Es war das erste Mal, seit die Goldmännchen vergeben werden: Mit »Pearl« von Patrick Osborne ist ein 360 Film für den Oscar nominiert. Dieser Artikel präsentiert eine Analyse über das künstlerisch ebenso wie technisch bahnbrechende Werk.

Mit »Pearl« ist erstmals in der Geschichte des Films, ein Virtual Reality 360 Film für einen Oscar (Academy-Award) nominiert. Der Film, bei dem es aus technischer Sicht nach einer ersten Analyse gar nicht mehr so klar ist, ob man es wirklich mit einem Film zu tun hat. Oder nur mit einem Filmerlebnis, wurde für die Virtual Reality-Reihe von Google Spotlight Story produziert.

Analyse des Oscar-nominierten 360 Films

»Pearl« ist die einfühlsam erzählte Geschichte von Sara, einem Mädchen, das mit ihrem Vater, einem Musiker, in einem Auto aufwächst. Während der Vater versucht, seine Rolle als Elternteil und Musiker unter einen Hut zu bringen, wird seine Tochter erwachsen.
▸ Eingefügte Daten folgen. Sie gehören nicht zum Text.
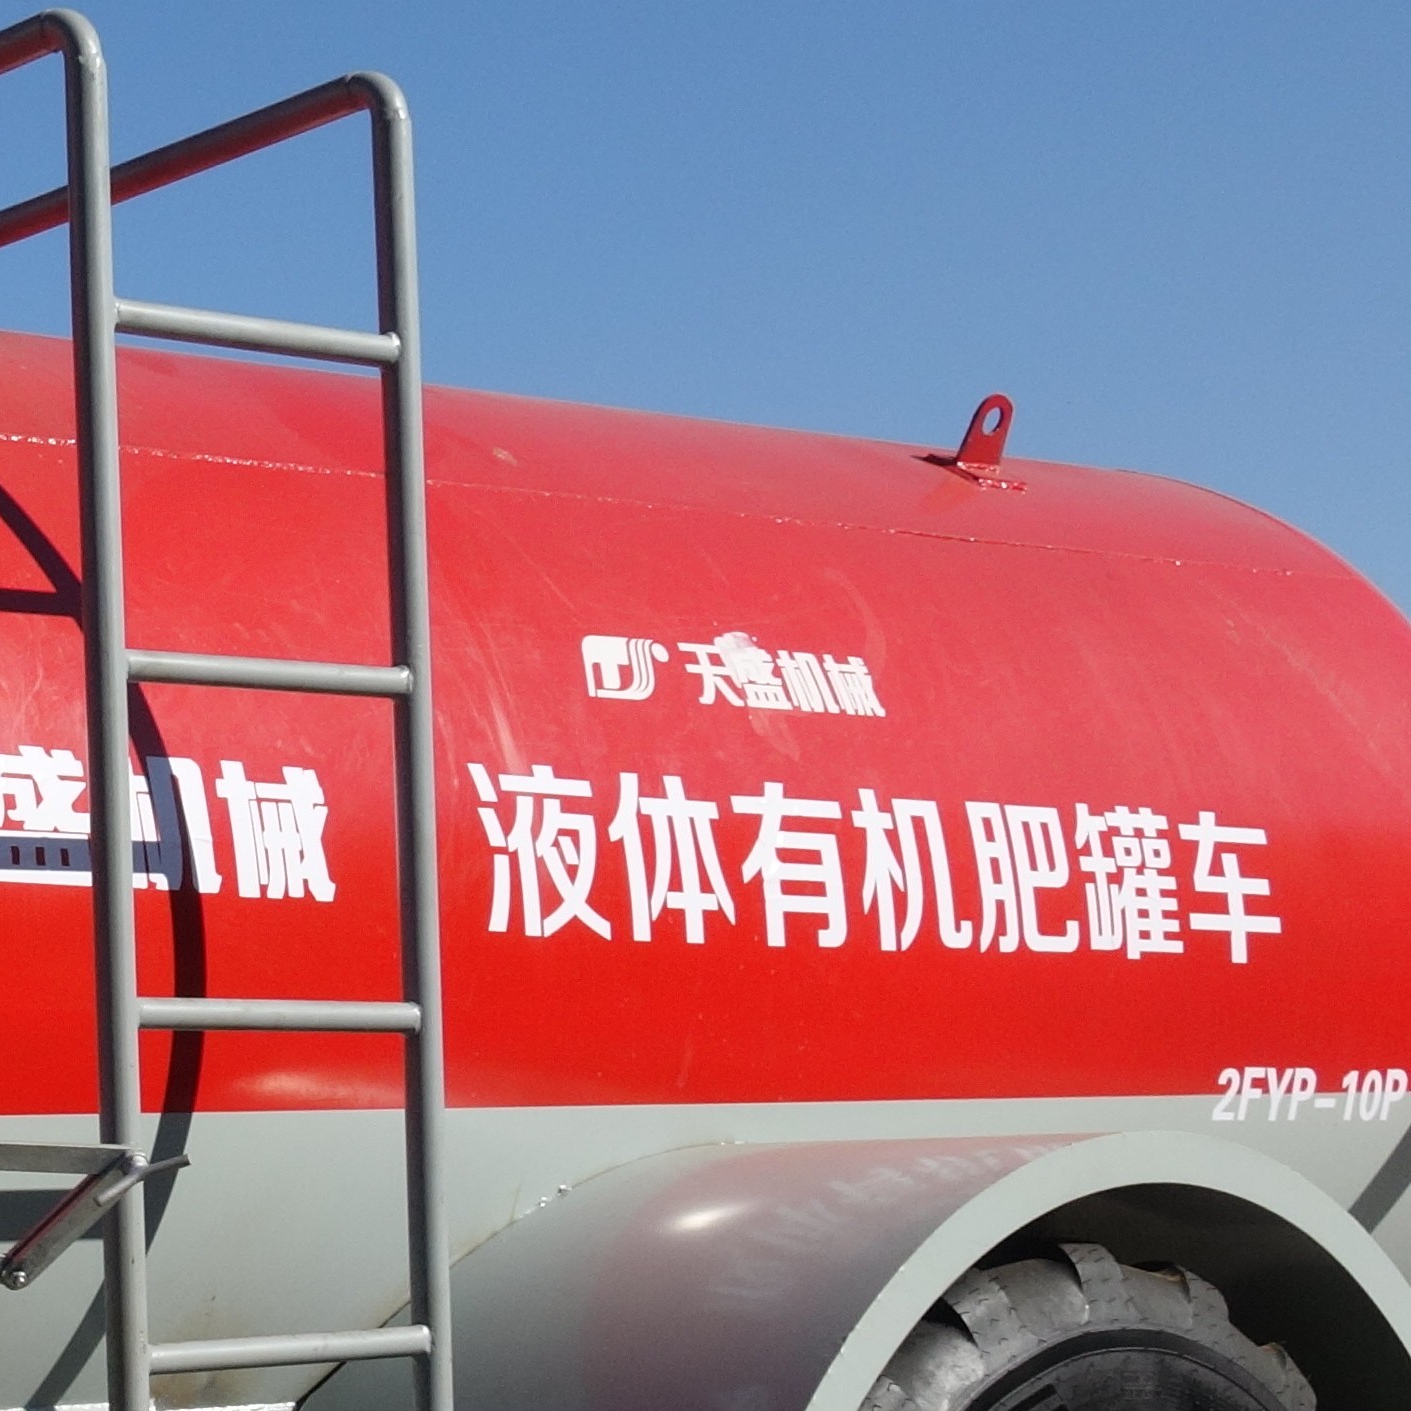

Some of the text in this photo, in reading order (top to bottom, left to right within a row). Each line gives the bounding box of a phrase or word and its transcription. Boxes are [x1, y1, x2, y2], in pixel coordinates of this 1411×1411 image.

[677, 638, 886, 718] 天盛机械
[466, 762, 1282, 965] 液体有机肥罐车
[1211, 1066, 1409, 1122] 2FYP-10P
Sie entdeckt ihre eigene musikalische Berufung und lernt, was im Leben Glück bedeutet.

Ob der Filmtitel (deutsch: Perle) für den Kosenamen der Hauptfigur Sara steht, eine Referenz an die gleichnamige Musikgruppe ist oder für schicksalhafte Momente steht, bleibt offen.

Der in Form einer Rückblende erzählte Kurzfilm bewegt sich, was das Genre betrifft, gekonnt auf dem Grat zwischen Road Movie und Music Video. Regisseur Patrick Osborne sagte im Vorfeld des Oscar: „Meine Absicht war es, einen Roadtrip mit einem Musical zu verbinden.“ (Quelle: techcrunch.com).

»Pearl«

360 Google Spotlight Stories: Pearl

Das Talent von Osborne zeigt sich in der Leichtigkeit und Eleganz, mit welcher der Regisseur seine Geschichte als 360 Film sequenziell umgesetzt hat. Wesentlich sind aus Sicht von FILMPULS dabei folgende Elemente:

Gekonnte Zuschauerführung

Es gibt bei 360 Videos zwei vorherrschende, sich teilweise widersprechende, große Dogma, die fast schon Glaubenssache sind.
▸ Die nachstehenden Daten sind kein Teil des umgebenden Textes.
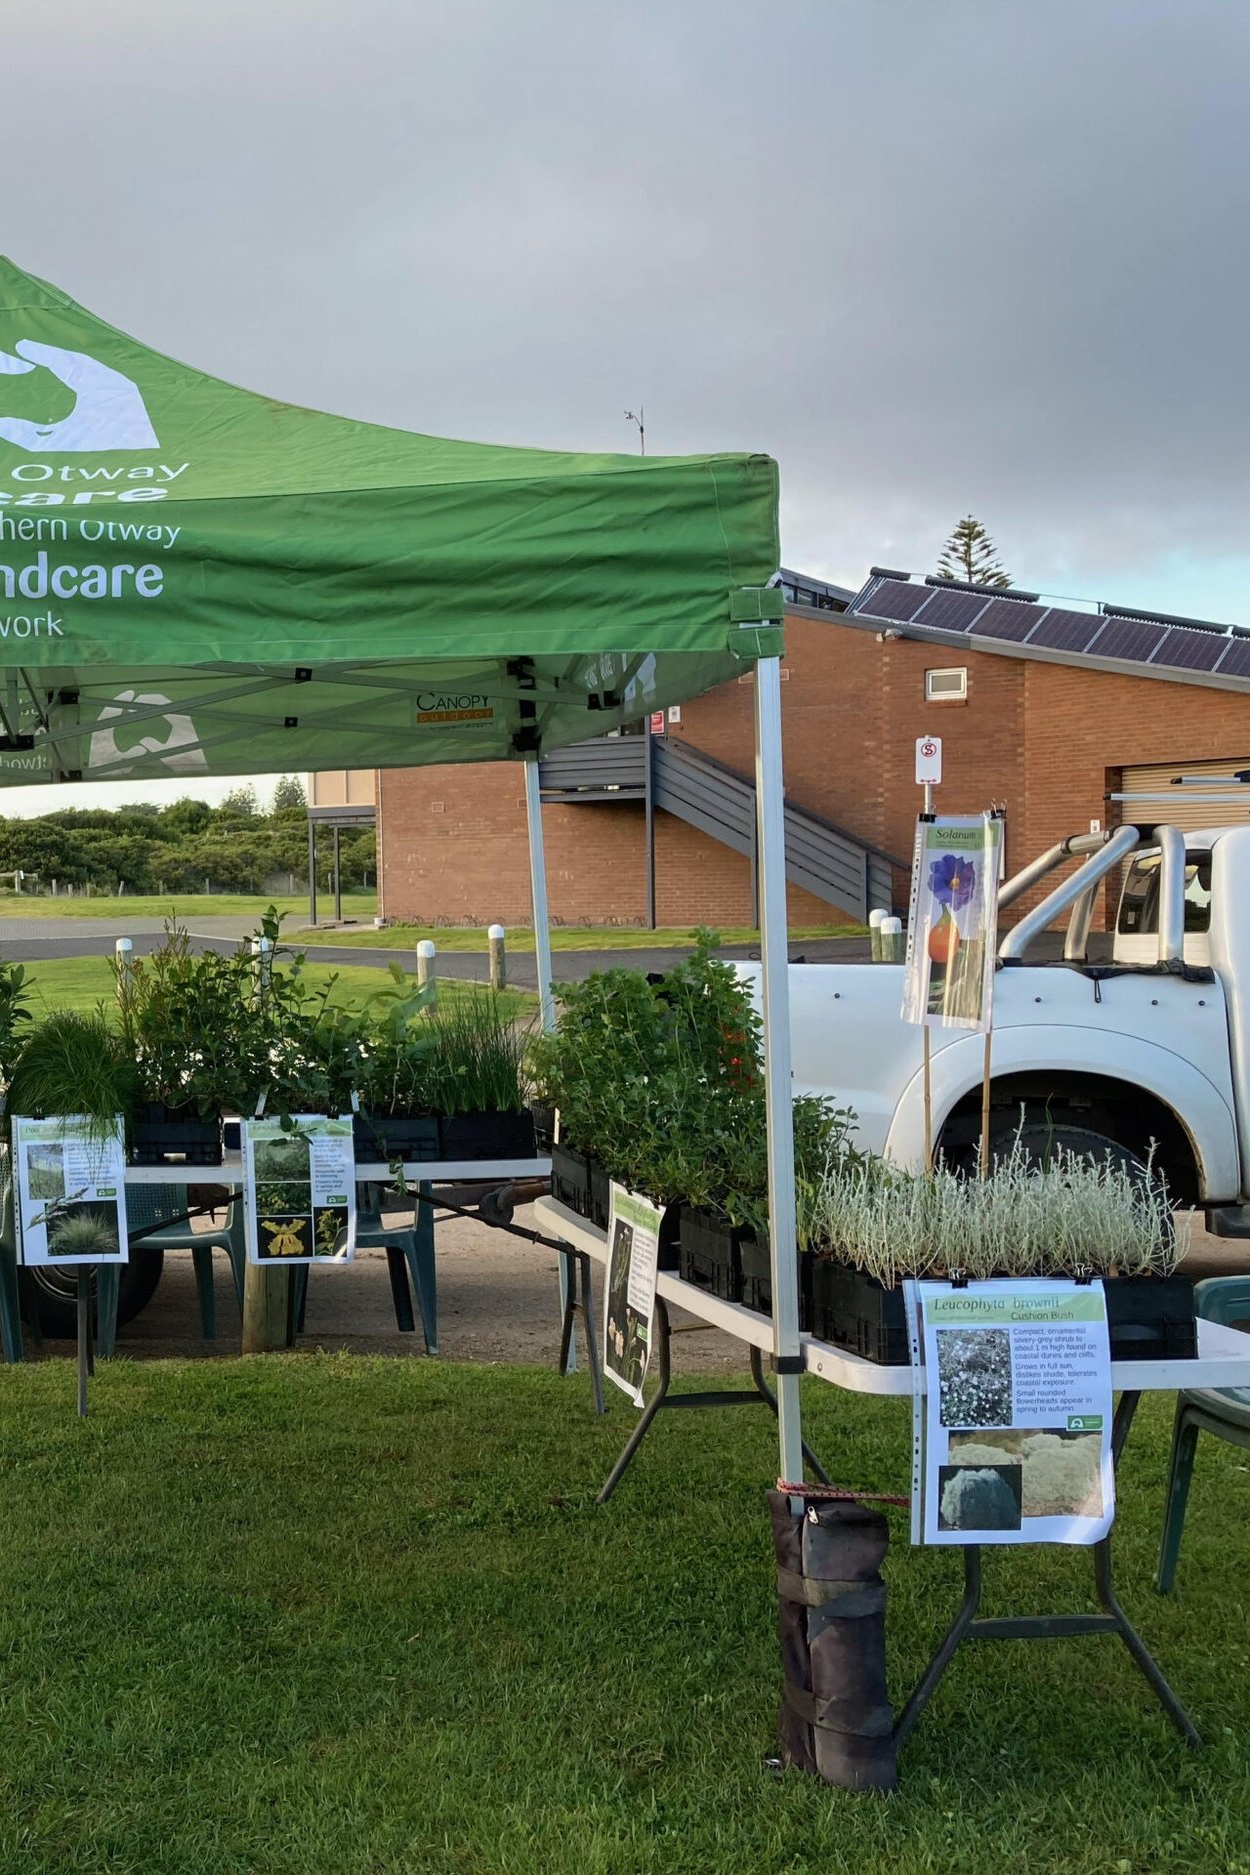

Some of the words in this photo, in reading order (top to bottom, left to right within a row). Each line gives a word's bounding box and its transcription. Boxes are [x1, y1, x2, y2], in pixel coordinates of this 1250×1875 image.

[11, 462, 190, 482] Otway
[79, 519, 181, 549] Otway
[416, 692, 489, 711] CANOPY
[936, 829, 977, 839] Solanum
[934, 1297, 1005, 1312] Leucophyta
[1011, 1312, 1048, 1321] Cushion
[1051, 1311, 1074, 1320] Bush
[1048, 1327, 1086, 1335] ornamental
[1055, 1335, 1075, 1343] shrub
[1050, 1344, 1065, 1352] high
[1016, 1389, 1036, 1397] Small
Die eine Lehre vertritt die Meinung, dass im Format 360 eine Führung des Zuschauers nicht möglich ist. Als Konsequenz daraus kann ein Storytelling nur innerhalb einer Szene oder Situation erfolgen, die der Zuschauer selbst erkunden muss. Die Arbeit mit klassischen Kameraeinstellungen ist nur begrenzt möglich.

Storyboard von Patrick Osborne

Storyboard für PEARL (c) Google/Patrick Osborne
Storyboard für PEARL © Google/Patrick Osborne

 

Die gegenteilige Ansicht bejaht die Möglichkeit, die Blickrichtung des Zuschauers zu steuern.

Als Mittel dazu dienen großräumige Bewegungen oder, wo technisch möglich, die gezielte Platzierung von Toneffekten im 360-Raum.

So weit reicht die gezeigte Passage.